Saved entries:
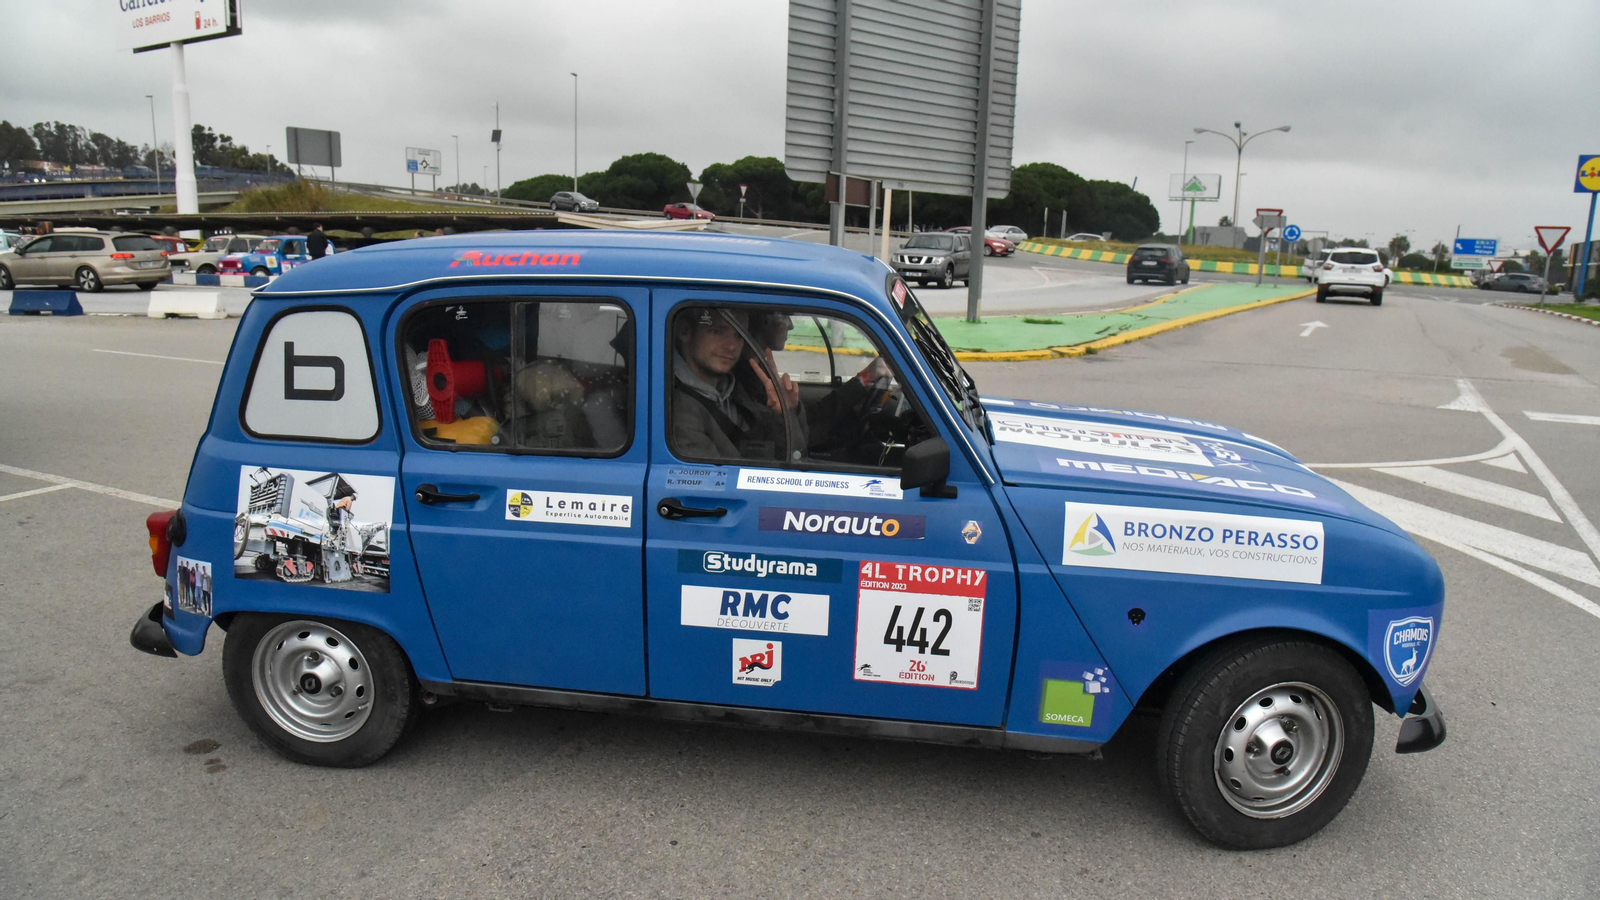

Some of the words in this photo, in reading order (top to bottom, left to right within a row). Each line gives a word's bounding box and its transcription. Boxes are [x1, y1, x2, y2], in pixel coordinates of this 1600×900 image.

[132, 18, 144, 29] LOS
[145, 12, 171, 26] BARRIOS
[203, 19, 211, 28] 24
[450, 251, 581, 267] Auchan
[284, 341, 345, 401] b
[998, 426, 1196, 454] MODULES
[747, 475, 775, 485] RENNES
[776, 477, 803, 487] SCHOOL
[804, 479, 814, 487] OF
[815, 480, 850, 489] BUSINESS
[546, 496, 630, 513] Lemaire
[545, 511, 581, 519] Expertise
[585, 513, 629, 521] Automobile
[782, 511, 900, 537] Norauto
[1123, 521, 1214, 542] BRONZO
[1222, 528, 1319, 551] PERASSO
[1122, 542, 1144, 552] NOS
[1146, 543, 1205, 557] MATÉRIAUX,
[1209, 548, 1230, 559] VOS
[1232, 550, 1318, 566] CONSTRUCTIONS
[705, 552, 818, 578] Studyrama
[861, 562, 887, 579] 4L
[895, 564, 986, 586] TROPHY
[860, 579, 890, 589] ÉDITION
[891, 582, 907, 590] 2023
[719, 590, 792, 620] RMC
[716, 617, 789, 631] DÉCOUVERTE
[883, 605, 953, 656] 442
[1393, 628, 1429, 645] CHAMOIS
[899, 670, 935, 682] ÉDITION
[1045, 712, 1084, 723] SOMECA

* TASK OBJECTIVE: When pictures appear among the entries, skip them and copy all remaining text precisely.

* PROBLEM SOLUTION:
Some of the words in this photo, in reading order (top to bottom, left to right within a row). Each line gives a word's bounding box and its transcription. Boxes are [x1, y1, x2, y2], in pixel coordinates of this 1600×900 image.

[132, 18, 144, 29] LOS
[145, 12, 171, 26] BARRIOS
[203, 19, 211, 28] 24
[450, 251, 581, 267] Auchan
[284, 341, 345, 401] b
[998, 426, 1196, 454] MODULES
[747, 475, 775, 485] RENNES
[776, 477, 803, 487] SCHOOL
[804, 479, 814, 487] OF
[815, 480, 850, 489] BUSINESS
[546, 496, 630, 513] Lemaire
[545, 511, 581, 519] Expertise
[585, 513, 629, 521] Automobile
[782, 511, 900, 537] Norauto
[1123, 521, 1214, 542] BRONZO
[1222, 528, 1319, 551] PERASSO
[1122, 542, 1144, 552] NOS
[1146, 543, 1205, 557] MATÉRIAUX,
[1209, 548, 1230, 559] VOS
[1232, 550, 1318, 566] CONSTRUCTIONS
[705, 552, 818, 578] Studyrama
[861, 562, 887, 579] 4L
[895, 564, 986, 586] TROPHY
[860, 579, 890, 589] ÉDITION
[891, 582, 907, 590] 2023
[719, 590, 792, 620] RMC
[716, 617, 789, 631] DÉCOUVERTE
[883, 605, 953, 656] 442
[1393, 628, 1429, 645] CHAMOIS
[899, 670, 935, 682] ÉDITION
[1045, 712, 1084, 723] SOMECA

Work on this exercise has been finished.